Please print every record below exactly as written, leaving out the pictures.

--

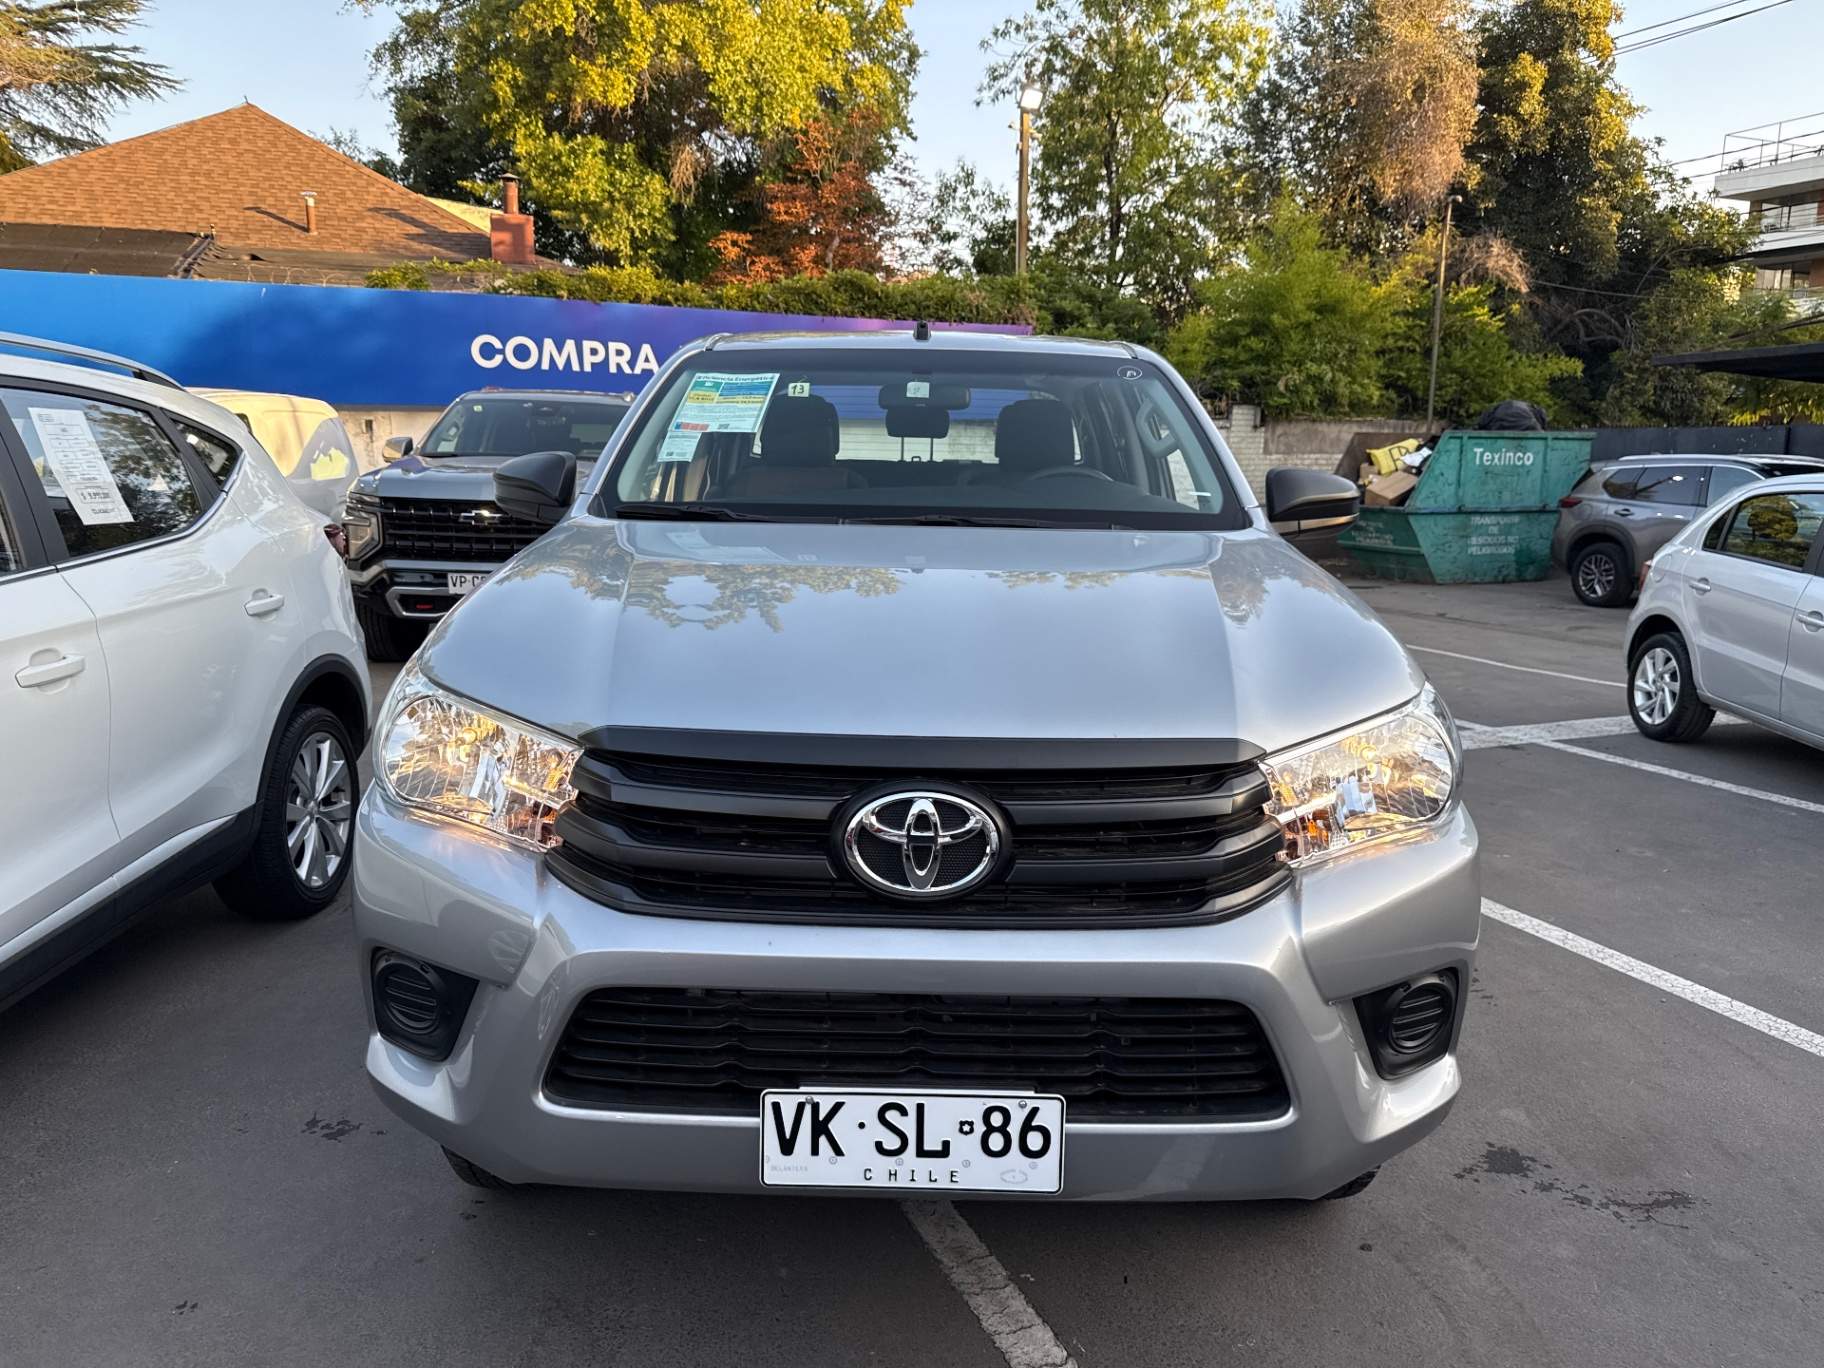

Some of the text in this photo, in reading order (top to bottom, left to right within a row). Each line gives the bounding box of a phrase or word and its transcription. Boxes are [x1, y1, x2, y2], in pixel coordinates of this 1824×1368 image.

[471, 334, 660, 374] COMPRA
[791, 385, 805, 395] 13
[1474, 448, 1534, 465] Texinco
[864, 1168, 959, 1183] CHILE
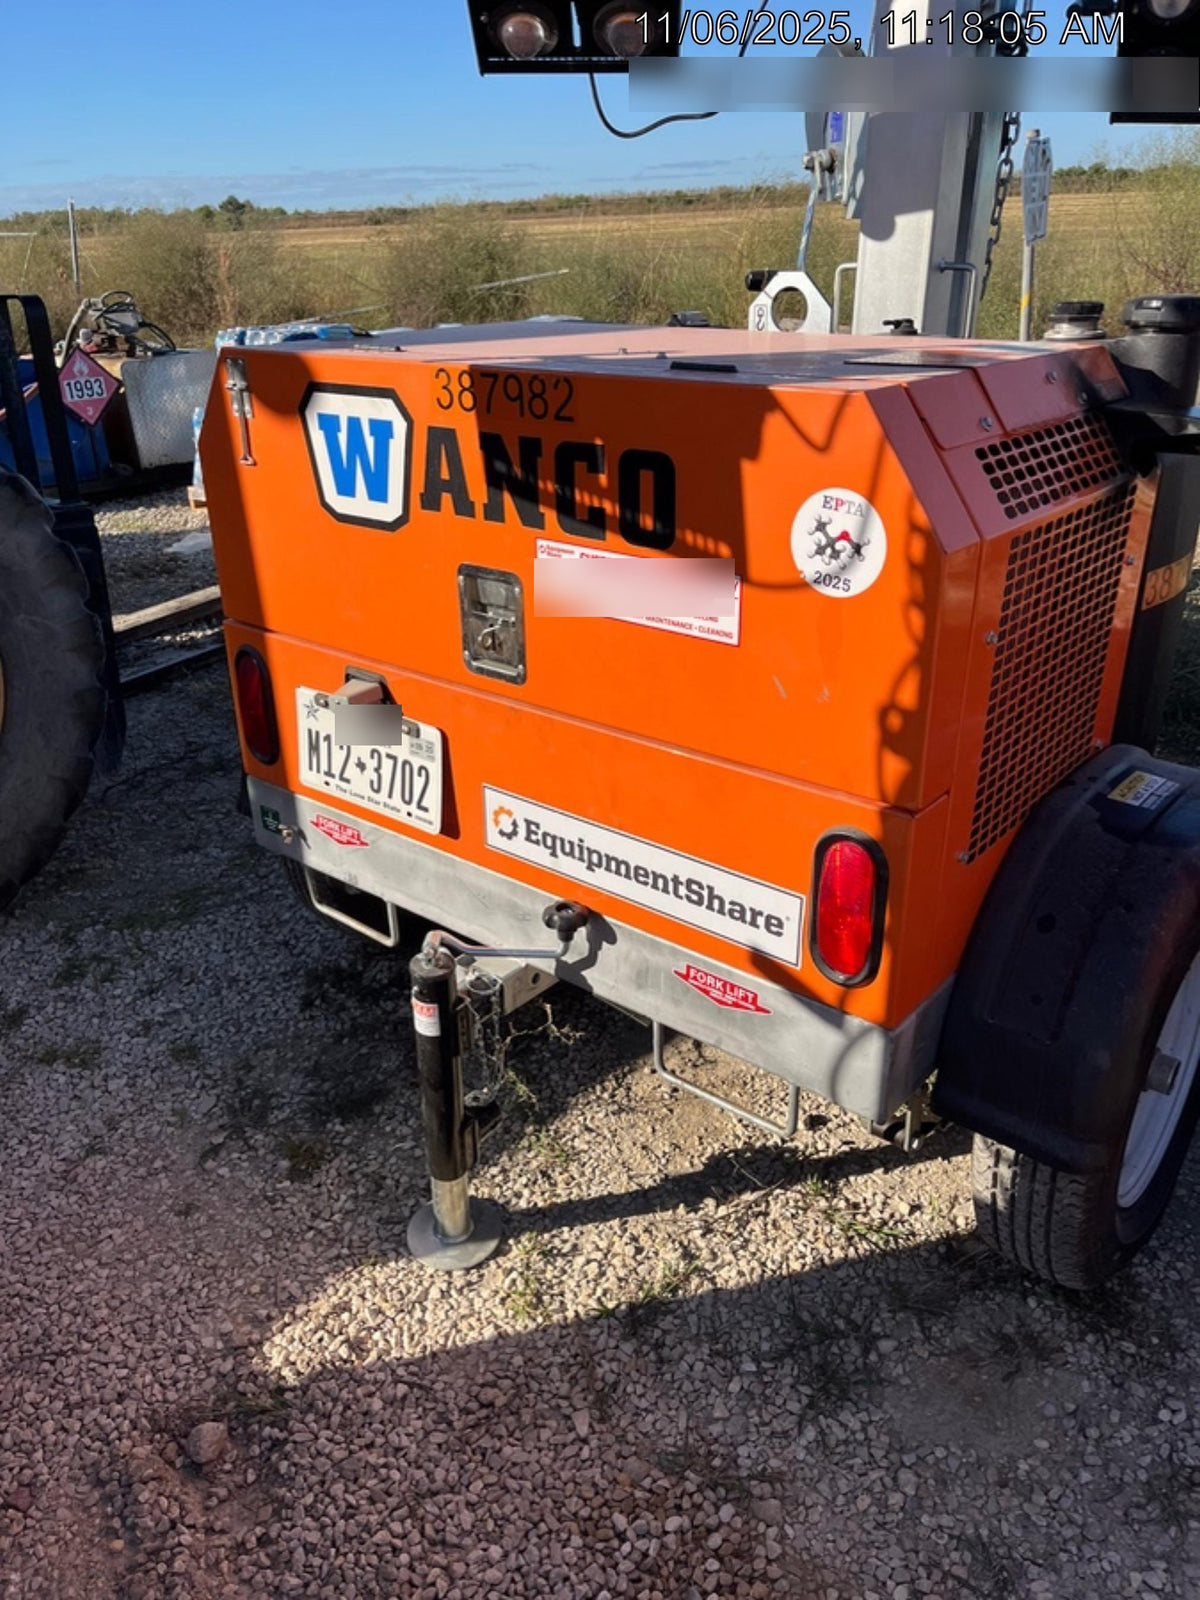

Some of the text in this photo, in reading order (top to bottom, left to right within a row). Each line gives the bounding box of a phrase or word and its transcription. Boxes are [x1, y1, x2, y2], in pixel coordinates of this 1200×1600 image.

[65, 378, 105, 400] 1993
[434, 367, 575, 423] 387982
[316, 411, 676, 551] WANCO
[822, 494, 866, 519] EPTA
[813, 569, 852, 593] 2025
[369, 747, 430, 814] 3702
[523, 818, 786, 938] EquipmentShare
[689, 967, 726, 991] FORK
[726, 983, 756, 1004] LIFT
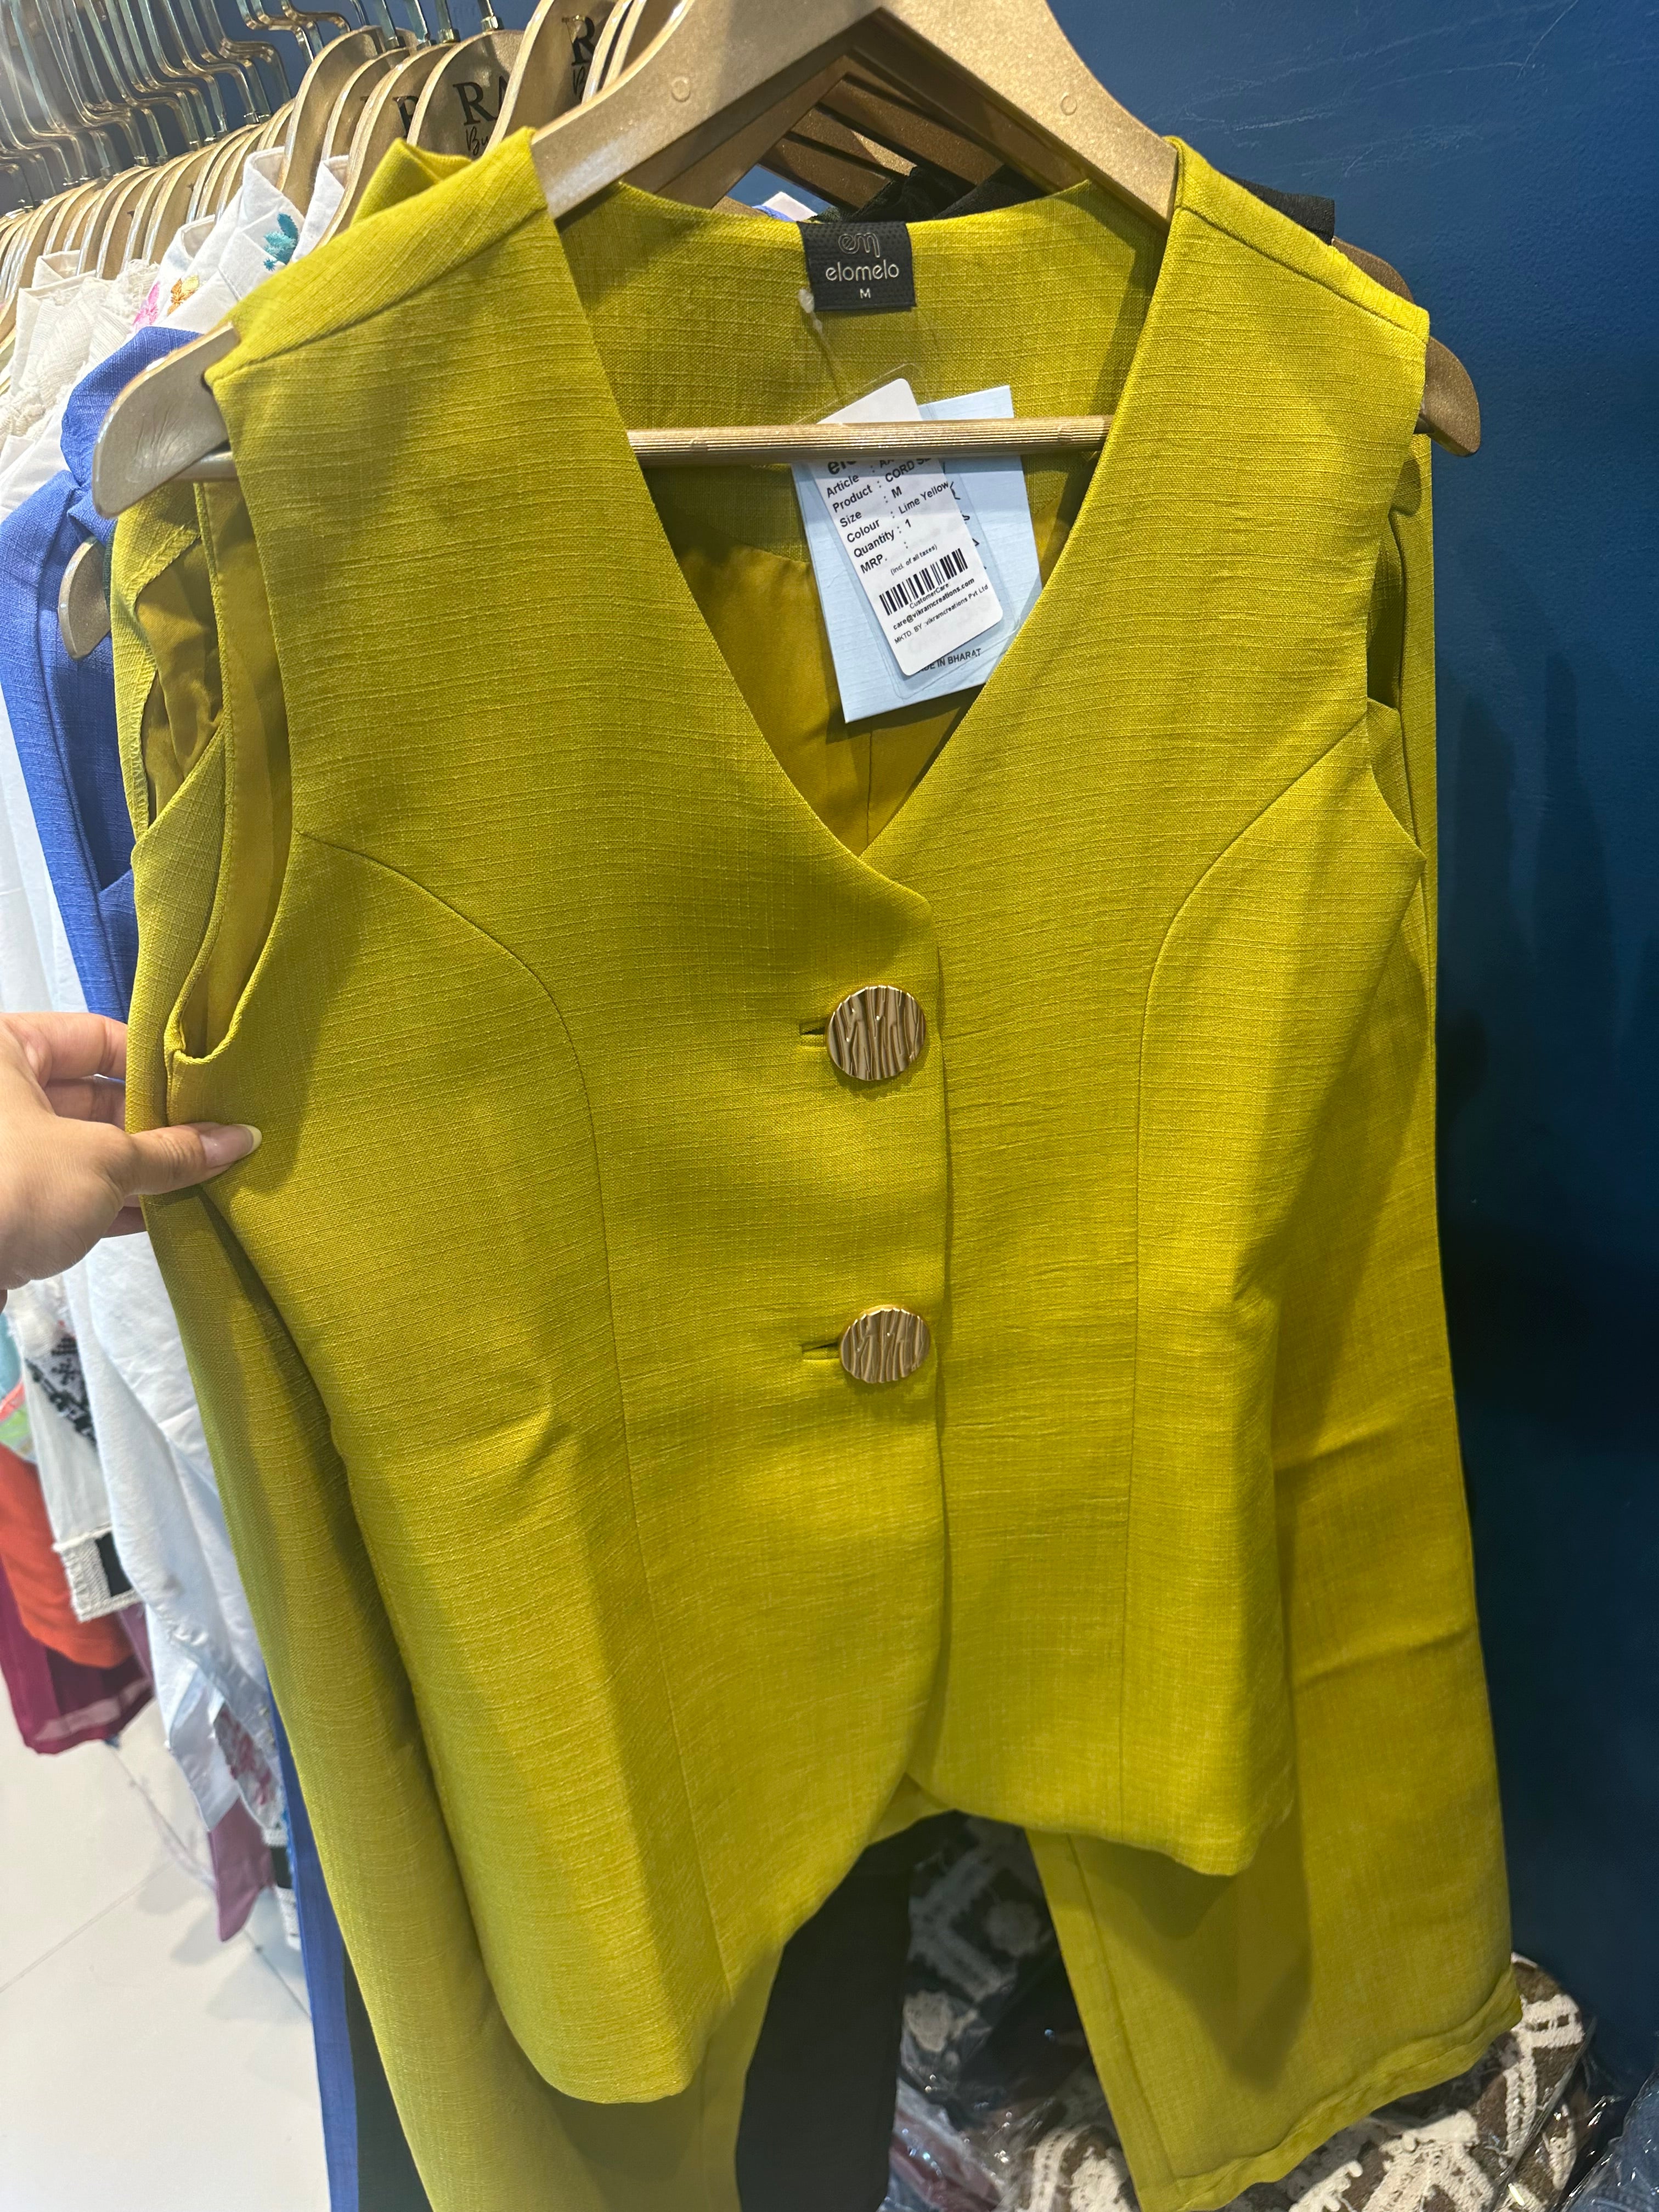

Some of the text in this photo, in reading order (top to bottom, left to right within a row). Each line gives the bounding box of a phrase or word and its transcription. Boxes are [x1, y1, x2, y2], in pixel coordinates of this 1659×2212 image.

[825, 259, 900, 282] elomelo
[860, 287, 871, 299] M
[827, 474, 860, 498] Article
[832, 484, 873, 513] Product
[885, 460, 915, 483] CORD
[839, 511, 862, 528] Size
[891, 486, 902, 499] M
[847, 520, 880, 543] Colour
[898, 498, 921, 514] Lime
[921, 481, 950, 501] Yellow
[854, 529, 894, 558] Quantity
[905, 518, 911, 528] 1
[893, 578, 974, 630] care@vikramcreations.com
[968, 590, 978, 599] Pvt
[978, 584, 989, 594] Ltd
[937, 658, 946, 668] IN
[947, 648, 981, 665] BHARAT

--

### [Completed task]
Some of the text in this photo, in reading order (top to bottom, left to right within a row). Each line gives the bounding box of a phrase or word and its transcription. Boxes are [x1, y1, x2, y2], in pixel coordinates of this 1824×1368 image.

[471, 334, 660, 374] COMPRA
[791, 385, 805, 395] 13
[1474, 448, 1534, 465] Texinco
[864, 1168, 959, 1183] CHILE

Some of the text in this photo, in reading order (top to bottom, left to right within a row). Each line gives the bounding box of a phrase or word and its transcription. Boxes are [x1, y1, x2, y2], in pixel coordinates of this 1200×1600 image.

[65, 378, 105, 400] 1993
[434, 367, 575, 423] 387982
[316, 411, 676, 551] WANCO
[822, 494, 866, 519] EPTA
[813, 569, 852, 593] 2025
[369, 747, 430, 814] 3702
[523, 818, 786, 938] EquipmentShare
[689, 967, 726, 991] FORK
[726, 983, 756, 1004] LIFT

Some of the text in this photo, in reading order (top to bottom, left to right within a row). Each line gives the bounding box of a phrase or word and its transcription. Boxes are [x1, y1, x2, y2], in pixel coordinates of this 1659×2212 image.

[825, 259, 900, 282] elomelo
[860, 287, 871, 299] M
[827, 474, 860, 498] Article
[832, 484, 873, 513] Product
[885, 460, 915, 483] CORD
[839, 511, 862, 528] Size
[891, 486, 902, 499] M
[847, 520, 880, 543] Colour
[898, 498, 921, 514] Lime
[921, 481, 950, 501] Yellow
[854, 529, 894, 558] Quantity
[905, 518, 911, 528] 1
[893, 578, 974, 630] care@vikramcreations.com
[968, 590, 978, 599] Pvt
[978, 584, 989, 594] Ltd
[937, 658, 946, 668] IN
[947, 648, 981, 665] BHARAT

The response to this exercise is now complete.